Pinch yourself, Sabres fans.
Wearing number 5️⃣3️⃣ for your Buffalo Sabres! pic.twitter.com/C0WjwWBAtR— Buffalo Sabres (@BuffaloSabres) August 8, 2018
Yes, this offseason is a real thing that is happening - you can exhale.
Jason Botterill continues to inspire the exhausted Sabres fan base with his grace and tact, as he recently completed another deal that figures to make his offensively-challenged hockey team even a little better
Saying the acquisition of Jeff Skinner will make the team “a little better” is most certainly being modest.
With how “good” offseason things have turned out in Buffalo recently, it seems wise to hold back expectations until results start to pour in.
To put yourself at ease though, we can look at the cold, hard facts here.
Skinner brings a goal scoring prowess to the Queen City. In the last five seasons, Jeff Skinner has scored at least 18 goals in every season. Over his eight year career, he has averaged 25.5 goals per season.
How bad do the Sabres need to collect goal scorers? If you answered anything more than “bad”, congratulations on your gold star for the day – you are very right.
Since the 2013-14 season, the Buffalo Sabres have scored 899 total goals. Buffalo ranks dead last in total goals scored – not counting the Vegas Golden Knights, for obvious reasons. In each of those last five seasons, Buffalo has not once cracked the 200-goal mark. Their offense is beyond porous.
As for what Buffalo gave up, that should not be too hard to swallow.
We start off with prospect Cliff Pu, who is a talent in his own right. Pu was expected to step into the AHL this season with the Rochester Americans and make his professional debut. Not yet a top prospect, Pu found himself in the second tier of prospect rankings for the Buffalo Sabres. A player who was expected to contribute on a nightly basis but most certainly, he would not have been talked about with the game’s top prospects.
Buffalo also shipped three draft picks to Carolina with Pu.
According to TSN’s Scott Cullen, who has done extensive research to create a database for determining actual draft pick value, the Sabres did not appear to have to give up too much of a potential future for Skinner.
Per Cullen, the 2019 2nd round draft pick turns into a 34.5% chance of becoming a NHL player. The 2020 3rd round pick is a 27.6% chance of becoming a NHL player and the 2020 6th round pick is a 14.4% chance of a NHL player.

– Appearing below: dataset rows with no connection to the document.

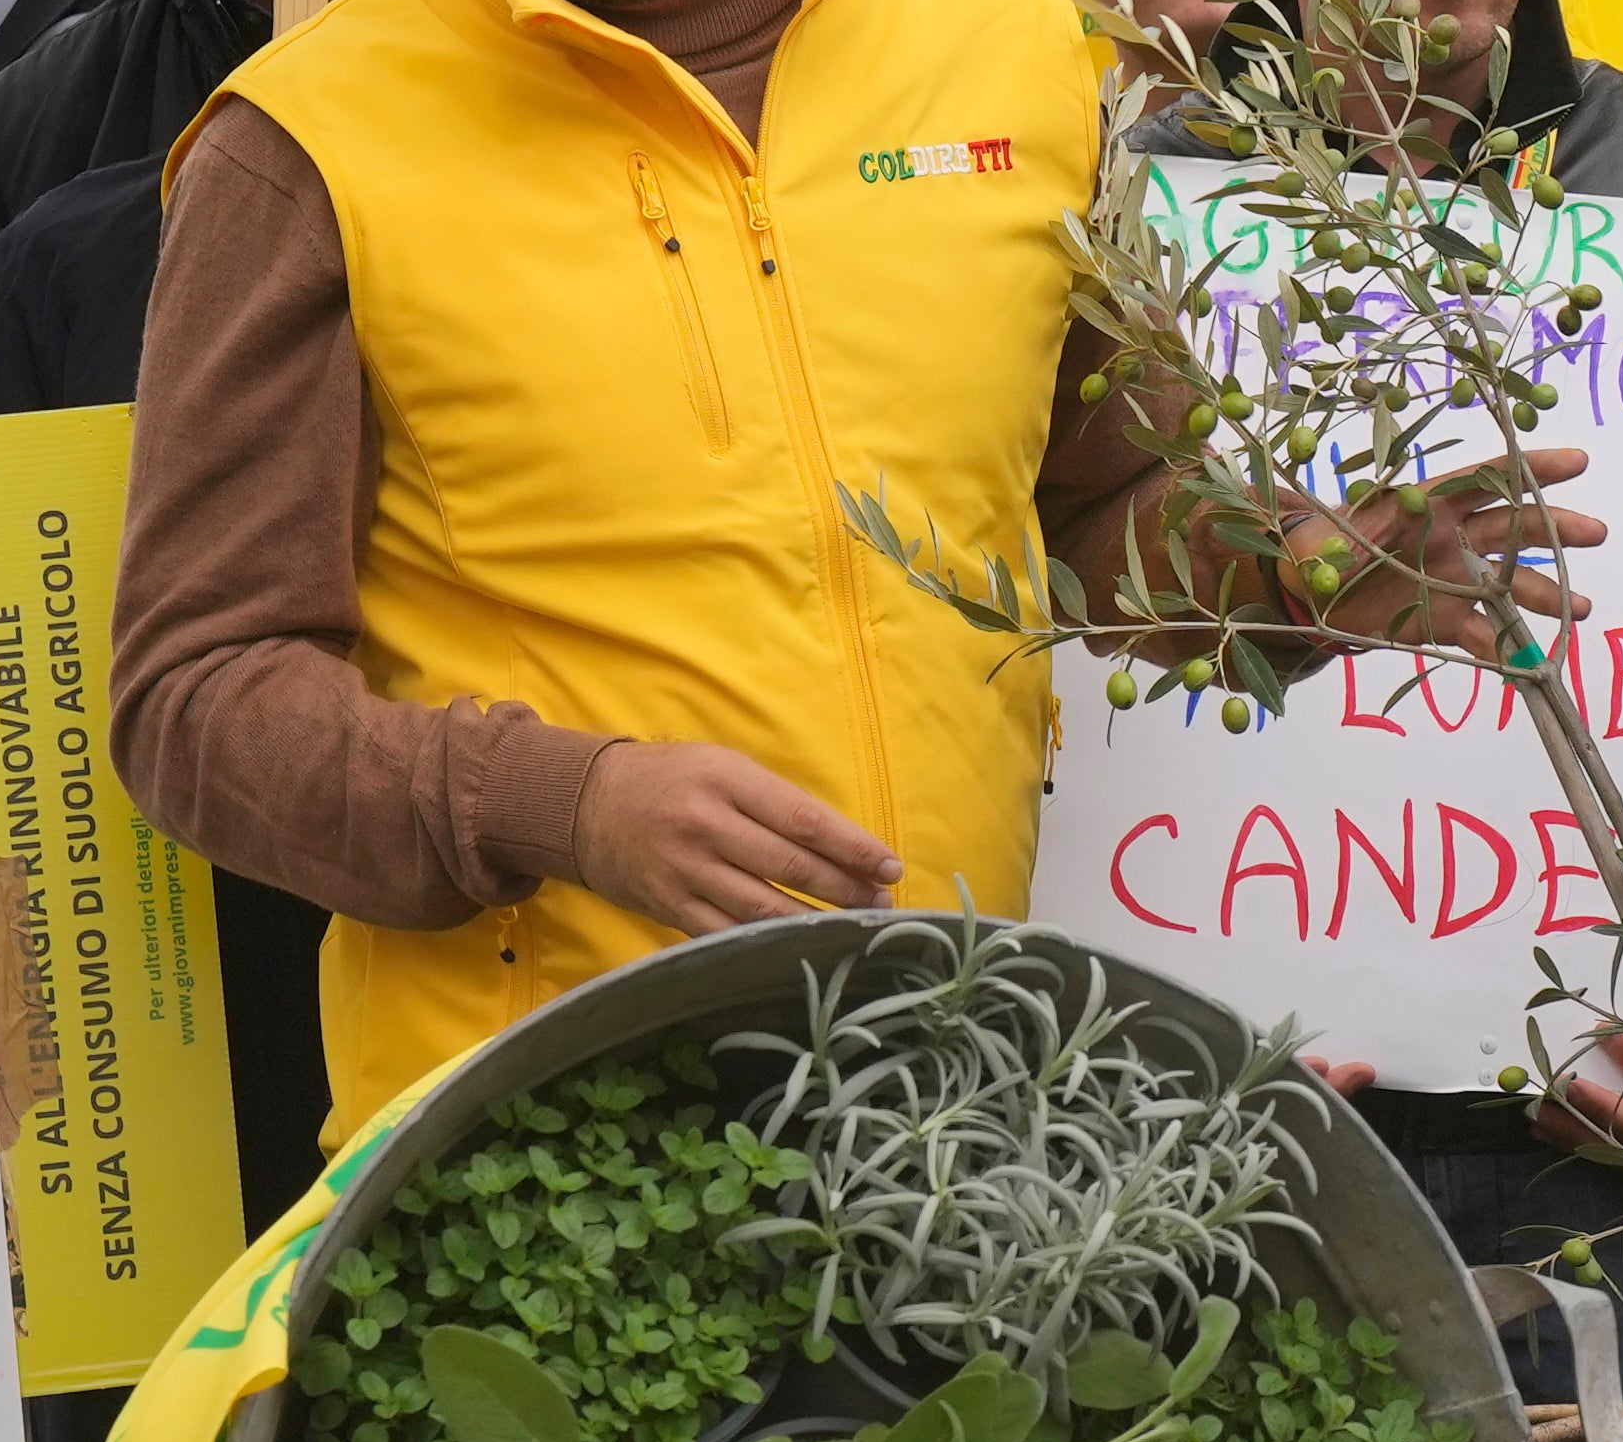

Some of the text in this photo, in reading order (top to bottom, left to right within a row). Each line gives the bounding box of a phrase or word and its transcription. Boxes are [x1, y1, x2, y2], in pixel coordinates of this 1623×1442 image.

[858, 138, 1013, 183] COLDIRETTI
[37, 507, 138, 1283] SENZA CONSUMO DI SUOLO AGRICOLO
[130, 814, 164, 1021] Per ulteriori dettagli
[40, 1167, 73, 1196] SI
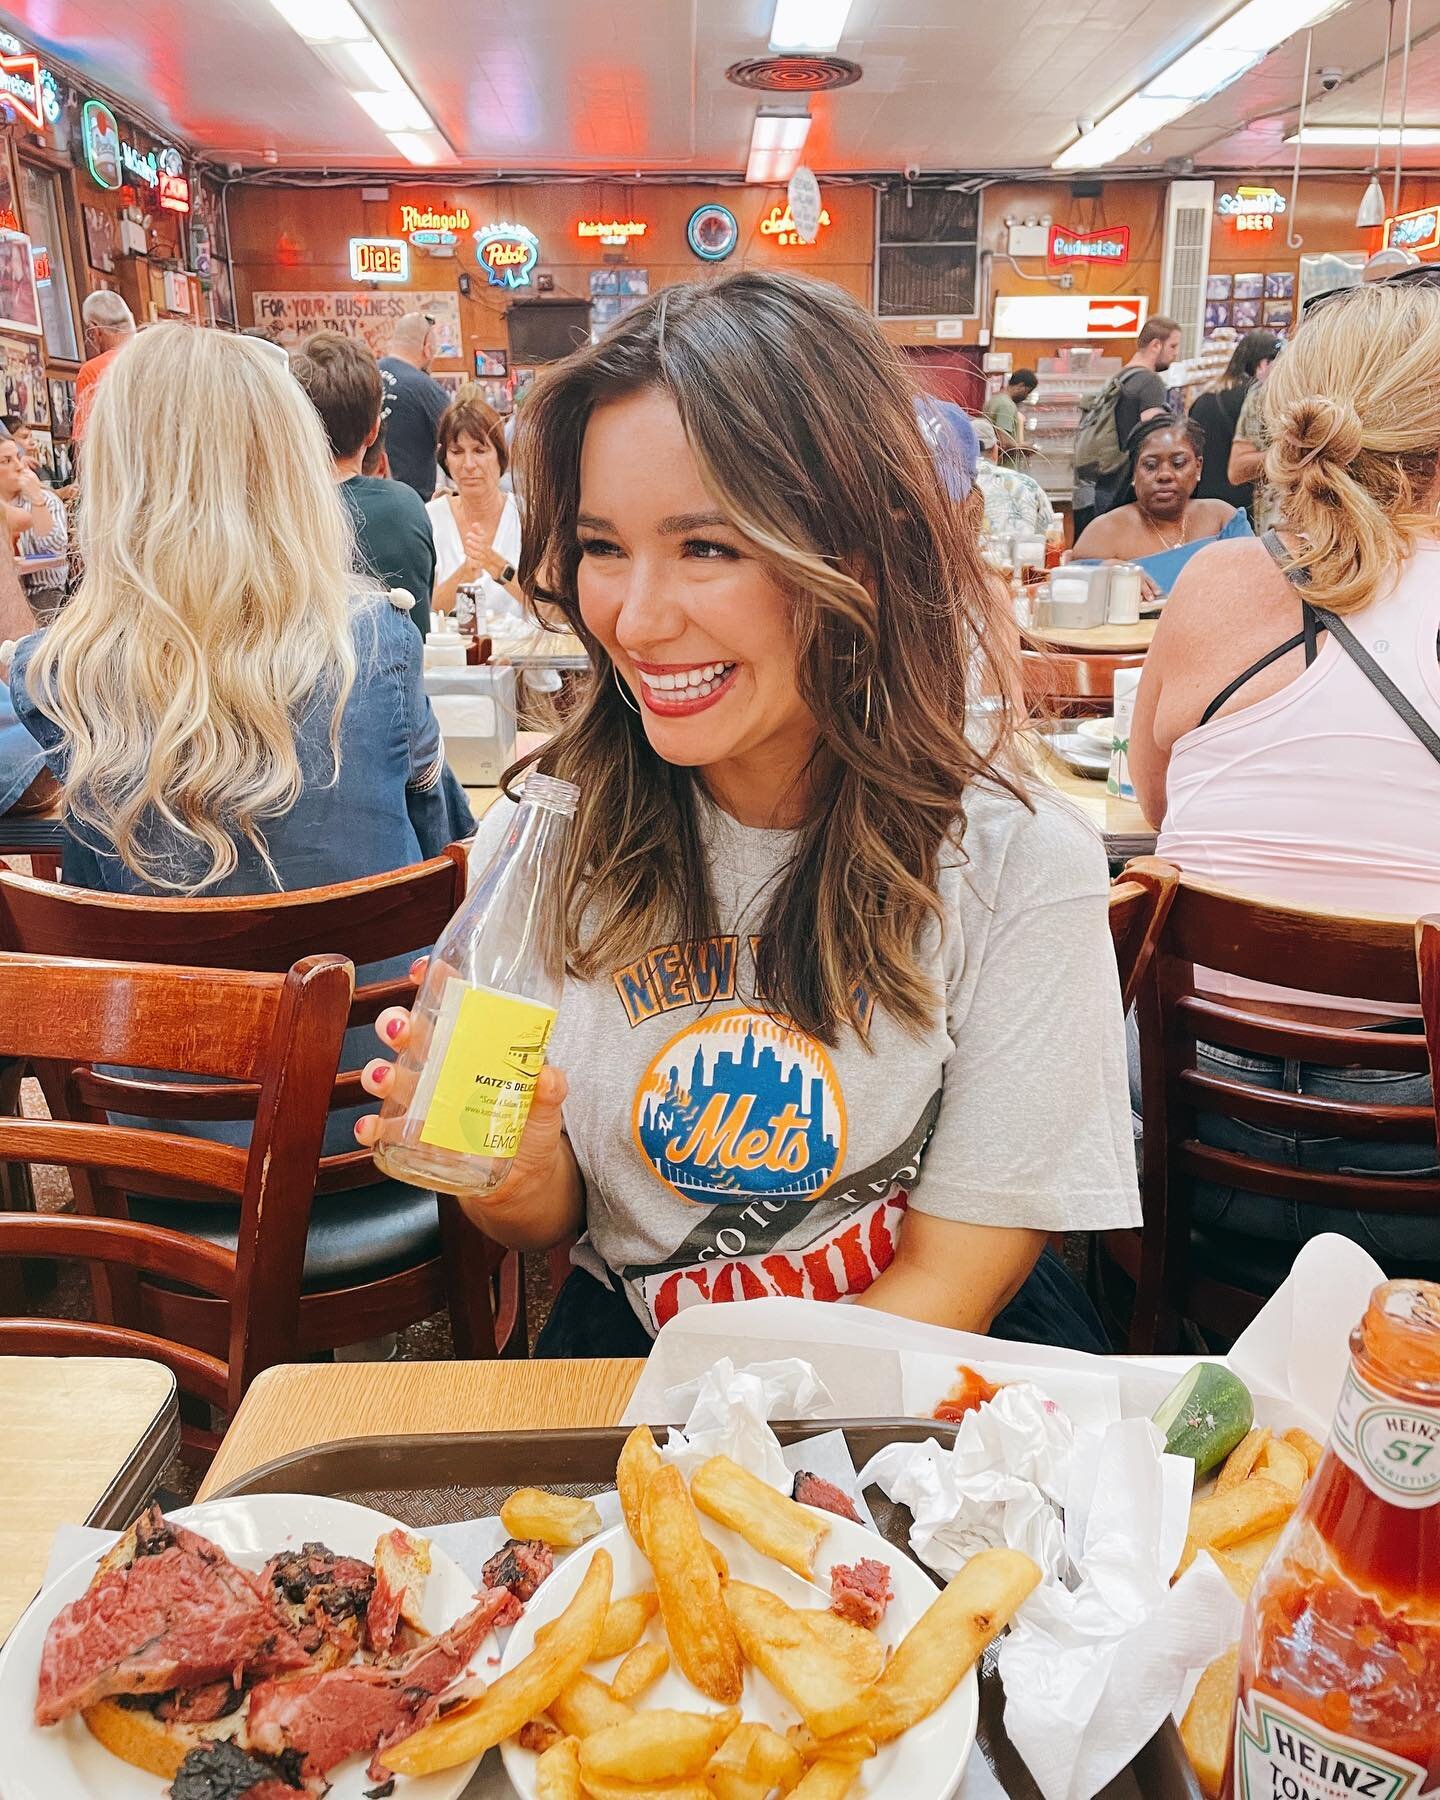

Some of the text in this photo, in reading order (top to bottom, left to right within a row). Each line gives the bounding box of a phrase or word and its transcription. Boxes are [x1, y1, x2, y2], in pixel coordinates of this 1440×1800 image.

[401, 205, 470, 232] Rheingold
[1236, 214, 1274, 231] BEER
[261, 299, 405, 317] FOR YOUR BUSINESS
[612, 934, 738, 1028] NEW
[475, 1074, 513, 1091] KATZ'S
[666, 1093, 811, 1173] Mets
[1386, 1417, 1440, 1441] HEINZ
[1383, 1439, 1434, 1467] 57
[1374, 1456, 1437, 1486] VARIETIES
[1275, 1727, 1386, 1798] HEINZ
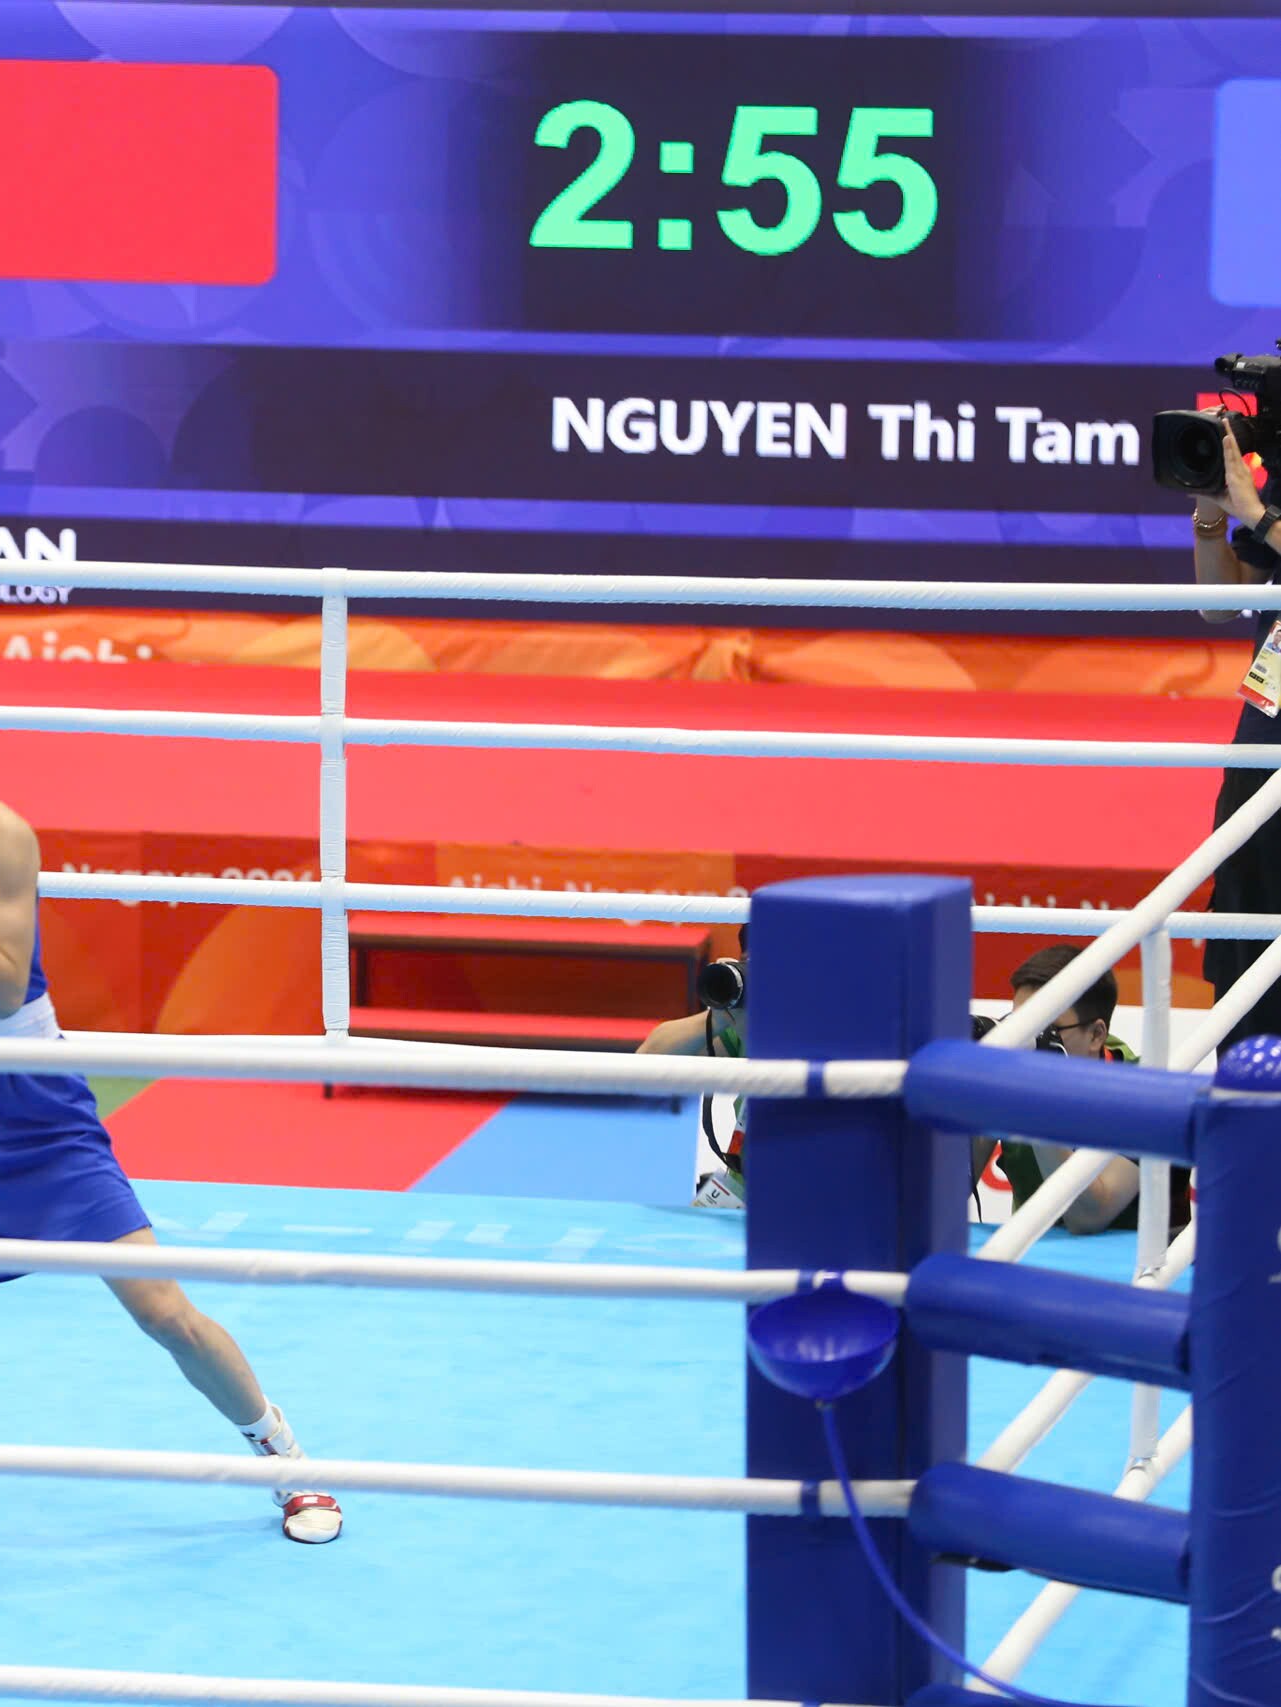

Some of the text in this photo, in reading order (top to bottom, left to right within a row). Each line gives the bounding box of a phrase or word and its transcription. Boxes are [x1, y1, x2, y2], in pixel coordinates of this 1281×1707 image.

If the percentages seem a little high, do not worry. Those percentages are only for the player to play at least one NHL game.
In a previous piece, Cullen dove a little deeper into the draft statistics. The numbers he returned, in relation to the picks Buffalo sent to Carolina, should lessen any potential trader’s remorse.
Per Cullen’s research of the NHL Draft from 1990 to 2013 - if all the traded picks ended up being the first pick of their respective rounds, there would be at least an 85% chance per pick that all three traded picks end up being a fourth line player or worse. As the draft round increases, the likelihood of the player making an impact diminishes rapidly.
On the surface, not a huge risk to take for a proven 30-goal scorer.
This most certainly seems like a deal where Buffalo took assets they held and turned them into a sure thing, while Carolina is collecting a few lottery tickets in hopes of striking it big.
Exactly what Jason Botterill did is what Tim Murray always talked big about but only was able take advantage of it a few times. Find a team willing (or desperate) to make a deal and give them a call. While Murray was the mastermind behind the Kane and O’Reilly trades that sent prospects out to the Western Conference, we have come to find out that those deals were more of a rookie general manager throwing darts, furiously trying to strike a bullseye.
Buffalo continues to slowly push their chips toward the center, as they gear up an attempt to make a rush for a playoff spot this season. Despite recent struggles, it would be hard to think the playoffs are not a goal for this squad.
With the addition of Conor Sheary and Jeff Skinner this season and the addition of Marco Scandella last offseason, Jason Botterill continues to identify weaknesses on his team before tactically making moves that will help improve the overall product.
Botterill, for all intents and purposes, is putting his money where his mouth is. Instead of getting upset and blaming others for this team’s current failures, he continues to make smart moves. He is creating his own path while essentially being the anti-Tim Murray. Very refreshing for this fanbase.
Each passing move brings the Sabres a little closer to the surface and almost out of the National Hockey League’s basement. Hopefully this is the season Buffalo finds themselves fighting for a playoff berth when spring rolls around.